> **Exercise description**: Nothing in the records should be changed in the copy, though the pictures must be left out.
[Data extract]
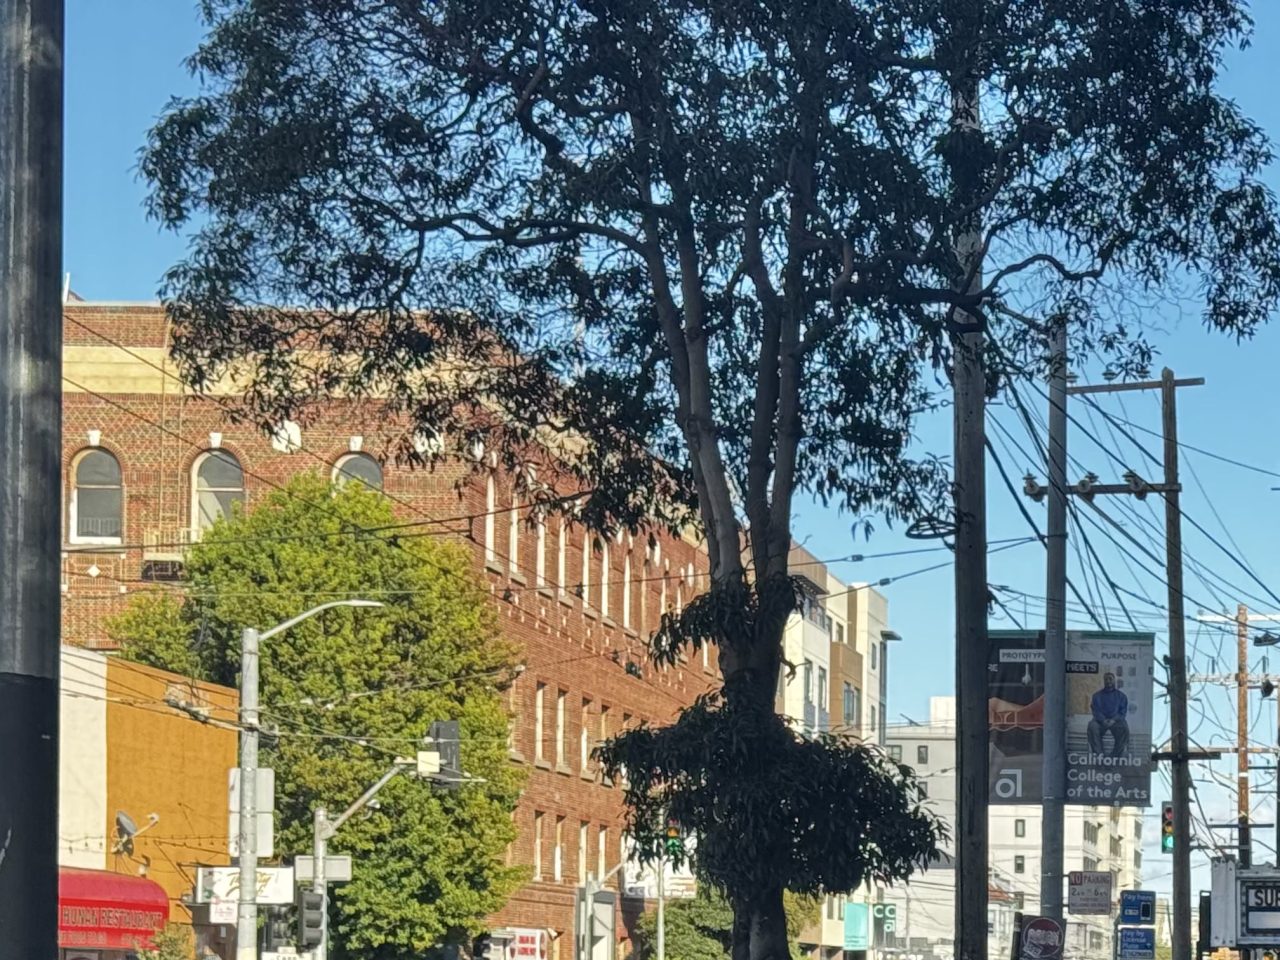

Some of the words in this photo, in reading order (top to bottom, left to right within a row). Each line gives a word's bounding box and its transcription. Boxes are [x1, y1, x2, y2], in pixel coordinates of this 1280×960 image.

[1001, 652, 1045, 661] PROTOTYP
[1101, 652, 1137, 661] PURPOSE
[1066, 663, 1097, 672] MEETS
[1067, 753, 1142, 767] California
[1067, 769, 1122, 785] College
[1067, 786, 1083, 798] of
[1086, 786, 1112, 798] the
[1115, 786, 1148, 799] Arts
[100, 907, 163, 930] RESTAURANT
[/Data extract]
> **Solved exercise**:
Some of the words in this photo, in reading order (top to bottom, left to right within a row). Each line gives a word's bounding box and its transcription. Boxes are [x1, y1, x2, y2], in pixel coordinates of this 1280×960 image.

[1001, 652, 1045, 661] PROTOTYP
[1101, 652, 1137, 661] PURPOSE
[1066, 663, 1097, 672] MEETS
[1067, 753, 1142, 767] California
[1067, 769, 1122, 785] College
[1067, 786, 1083, 798] of
[1086, 786, 1112, 798] the
[1115, 786, 1148, 799] Arts
[100, 907, 163, 930] RESTAURANT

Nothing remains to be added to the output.